Grantee Research Project Results
Final Report: Atmospheric Aerosols from Biogenic Hydrocarbon Oxidation
EPA Grant Number: R831079Title: Atmospheric Aerosols from Biogenic Hydrocarbon Oxidation
Investigators: Milford, Jana B. , Guenther, Alex , Wiedinmyer, Christine , Helmig, Detlev
Institution: University of Colorado at Boulder , National Center for Atmospheric Research
EPA Project Officer: Chung, Serena
Project Period: October 1, 2003 through September 30, 2006 (Extended to September 30, 2007)
Project Amount: $440,000
RFA: Measurement, Modeling, and Analysis Methods for Airborne Carbonaceous Fine Particulate Matter (PM2.5) (2003) RFA Text | Recipients Lists
Research Category: Air , Air Quality and Air Toxics , Particulate Matter
Objective:
The objective of this research was to improve estimates of the contributions of monoterpenes (MT) and sesquiterpenes (SQT) to secondary organic aerosol (SOA) production in the U.S. The project included measurements of SQT and MT emissions; incorporation of new biogenic emissions factors into the Model of Emissions of Gases and Aerosol from Nature (MEGAN); development of BVOC inventories for input to the Community Multiscale Air Quality Model (CMAQ); and regional-scale air quality modeling with CMAQ.

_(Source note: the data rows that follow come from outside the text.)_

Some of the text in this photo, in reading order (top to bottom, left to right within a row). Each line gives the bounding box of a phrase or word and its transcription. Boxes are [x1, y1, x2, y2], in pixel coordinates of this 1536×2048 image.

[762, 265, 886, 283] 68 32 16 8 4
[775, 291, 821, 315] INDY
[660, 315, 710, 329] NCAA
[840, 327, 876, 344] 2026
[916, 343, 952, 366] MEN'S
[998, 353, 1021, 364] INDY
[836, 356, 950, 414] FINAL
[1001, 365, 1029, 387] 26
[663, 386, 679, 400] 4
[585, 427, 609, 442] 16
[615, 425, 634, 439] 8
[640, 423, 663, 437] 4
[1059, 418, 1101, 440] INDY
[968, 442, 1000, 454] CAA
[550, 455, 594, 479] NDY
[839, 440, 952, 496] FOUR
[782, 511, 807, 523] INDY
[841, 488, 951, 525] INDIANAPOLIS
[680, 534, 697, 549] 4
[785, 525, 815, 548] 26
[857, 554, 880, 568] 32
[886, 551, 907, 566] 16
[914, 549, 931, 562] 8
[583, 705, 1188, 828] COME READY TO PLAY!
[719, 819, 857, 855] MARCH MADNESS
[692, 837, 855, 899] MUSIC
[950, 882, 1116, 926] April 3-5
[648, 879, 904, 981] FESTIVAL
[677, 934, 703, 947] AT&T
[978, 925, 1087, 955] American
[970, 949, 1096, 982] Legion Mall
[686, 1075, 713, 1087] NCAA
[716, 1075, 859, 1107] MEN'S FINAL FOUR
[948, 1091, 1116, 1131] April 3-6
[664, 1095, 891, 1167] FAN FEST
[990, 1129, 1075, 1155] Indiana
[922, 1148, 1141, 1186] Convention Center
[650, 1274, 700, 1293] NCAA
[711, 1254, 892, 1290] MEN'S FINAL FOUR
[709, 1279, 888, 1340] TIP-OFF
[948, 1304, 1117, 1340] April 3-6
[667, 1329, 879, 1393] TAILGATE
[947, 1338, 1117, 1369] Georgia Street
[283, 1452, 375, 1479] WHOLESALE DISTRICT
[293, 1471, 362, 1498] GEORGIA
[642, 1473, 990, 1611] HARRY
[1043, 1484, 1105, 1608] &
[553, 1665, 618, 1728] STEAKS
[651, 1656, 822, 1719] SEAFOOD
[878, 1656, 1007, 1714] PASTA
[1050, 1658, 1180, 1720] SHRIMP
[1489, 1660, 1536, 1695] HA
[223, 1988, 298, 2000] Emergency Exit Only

Starting with the emissions measurement portion of this project, Duhl et al. (2007) compiled a literature review on environmental controls for SQT emissions, which summarizes most of the SQT research done to date, both in terms of methods used and results obtained. The review informed the experimental methods development accomplished in the project, and provided a basis for comparing new emissions factor measurements with those reported in previous studies.
A major focus of our work was to improve the data base of SQT emissions measurements. Enclosure experiments were conducted at a number of sites in four different locations (Boulder, CO; Arcata, CA; Duke Forest, NC; Pellston, MI). Besides these outdoor experiments on naturally growing vegetation, experiments were also conducted in the National Center for Atmospheric Research (NCAR) greenhouse. Altogether, more than 50 enclosure experiments on more than 40 different plant species were performed. Each of these experiments typically lasted 2-4 days, with in most cases 10-30 samples collected and quantified. All emissions data from a given enclosure experiment were investigated for their dependency on temperature and light. As part of this experimental work, we developed improved techniques for measuring SQT emissions in branch enclosures and an in-situ GC-MS/FID method tailored for SQT measurement (Ortega et al., 2007a).
In collaboration with colleagues at Washington State University, procedures were developed to calculate biogenic emissions using a FORTRAN90 version of the MEGAN framework to produce emission files compatible with the SMOKE and CMAQ models. The emissions are driven by temperature and solar radiation values from the same MCIP-processed MM5 output used to drive CMAQ. Additional driving variables include plant functional type distributions, leaf area index, and emission factors, which are available in high resolution (~ 1 km) global files. Emissions are estimated for 138 individual chemical species, including many monoterpenes and sesquiterpenes. As part of this study, new lumping schemes were developed to assign each of these species to the categories used for SAPRC99, RADM2, RACM, and CBMZ (Sakulyanontvittaya, 2008). MT and SQT emission factors and emission algorithms (e.g., 2 response to light and temperature) were developed using new emissions data and were compared to estimates based on BEIS3.0 for MT, and to literature values and a simple parameterization of BEIS3.0 emissions for SQT (Sakulyanontvittaya et al., 2007).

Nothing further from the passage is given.